All of this assumes that the plaintiff has an abstract right to be heard. That he does is doubtful. The discretion to reorganize school districts is one that rests peculiarly with the duly constituted State governing bodies. The State is entrusted with the duty to provide for the education of its school age citizens and, administratively, the manner in which that duty is discharged is neither conditioned upon prior consultation with its created agencies nor contingent upon subsequent approval by the Federal courts. As stated by the Supreme Court in Epperson v. Arkansas, 393 U.S. 97, 104, 89 S.Ct. 266, 270, 21 L.Ed.2d 228 (1968):
“By and large, public education in our Nation is committed to the control of state and local authorities. Courts do not and cannot intervene in the resolution of conflicts which arise in the daily operation of school systems and which do not directly and sharply implicate basic constitutional values.” 3
We conclude that the plaintiff has not been denied due process of law in violation of the 14th Amendment and that therefore its complaint must be dismissed with prejudice. An appropriate order will be entered.

. See The School District of the Borough of East Pittsburgh v. Interim Operating Committee of Administrative Unit No. 42, Civil Action No. 71-624, July 13, 1971.

. Act of July 8, 1968, No. 150, -24 P.S. §§ 2400.1—.10.

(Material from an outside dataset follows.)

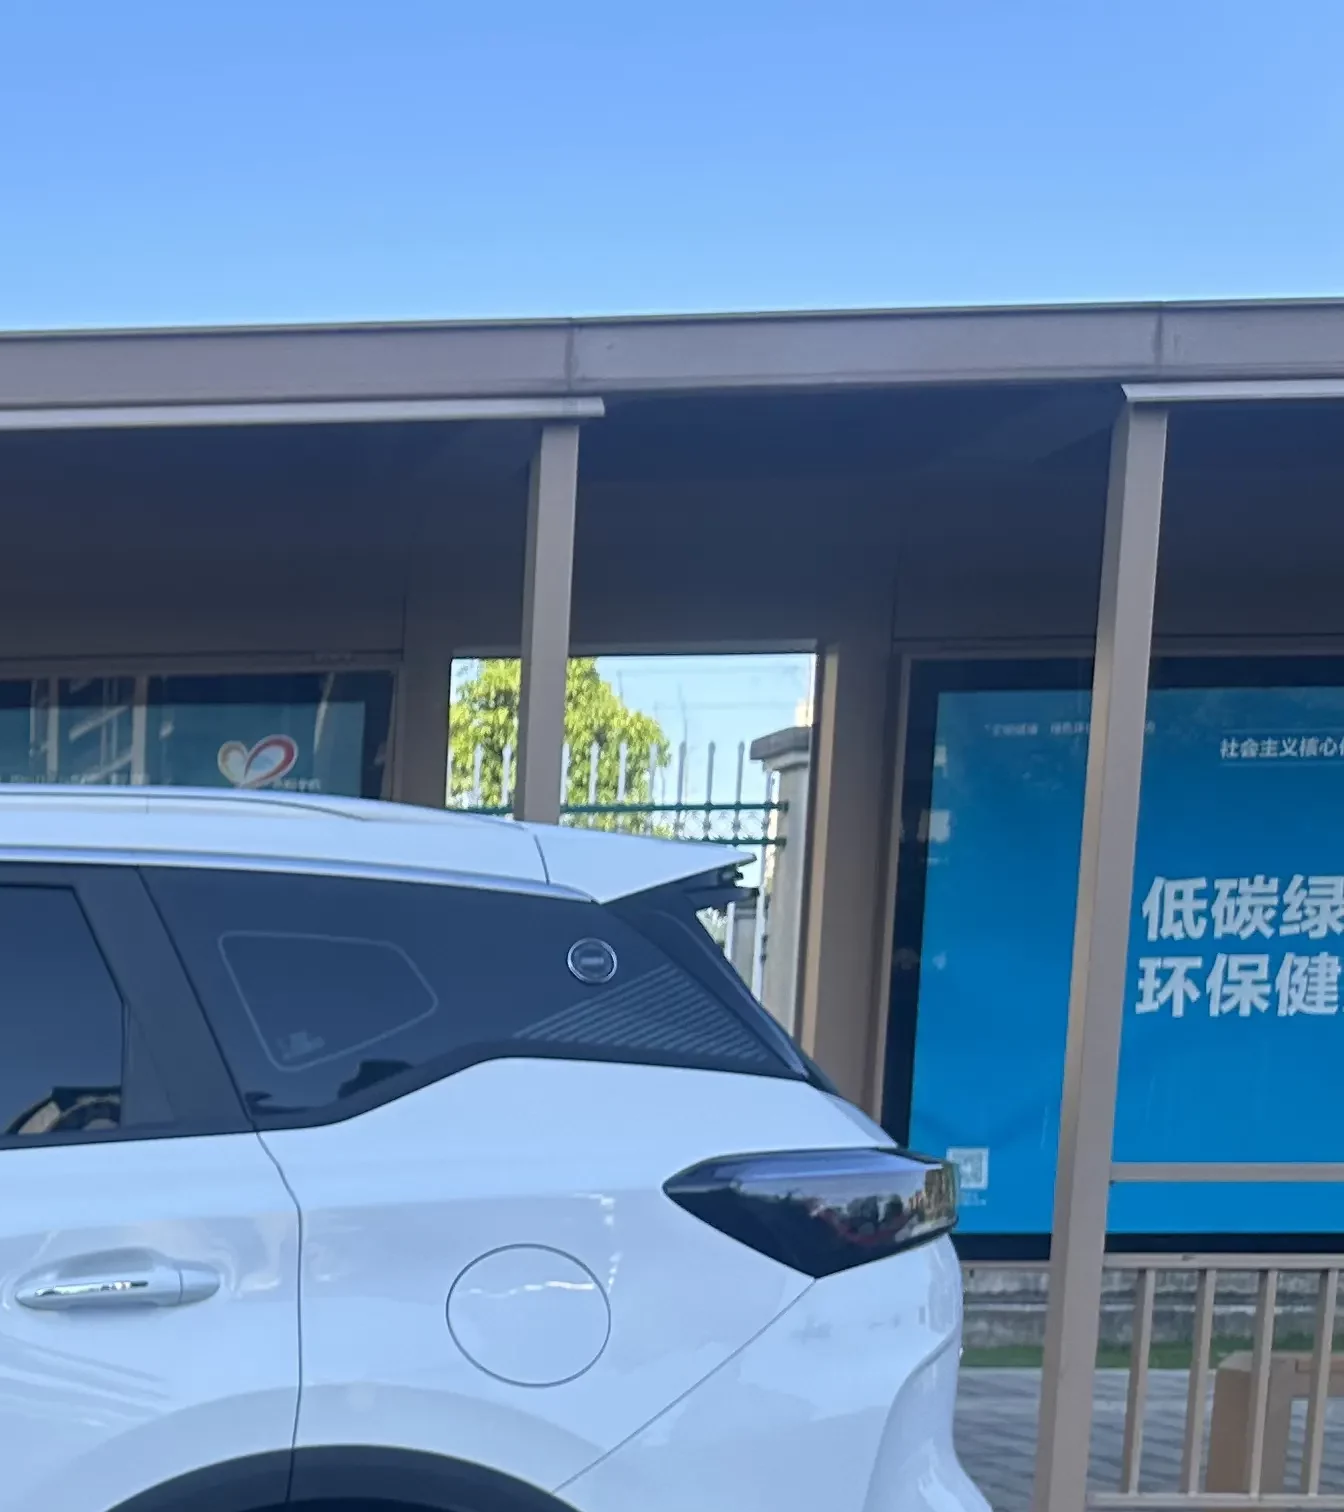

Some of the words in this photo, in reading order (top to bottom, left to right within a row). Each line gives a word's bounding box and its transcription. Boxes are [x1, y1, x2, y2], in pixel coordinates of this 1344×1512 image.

[1141, 873, 1344, 942] 低碳绿
[1135, 951, 1344, 1018] 环保健

. See also Chartiers Valley Joint Schools v. Allegheny County Board, 418 Pa. 520, 211 A.2d 487 (1965), concurring opinion of Mr. Justice Cohen, wherein he states,
“[C]ertainly the Legislature has not given the school district the duty of making sure that the Legislature acts constitutionally. And the school district has no powers that are not either expressly conferred upon it by the Legislature or implied from the nature of its duties.”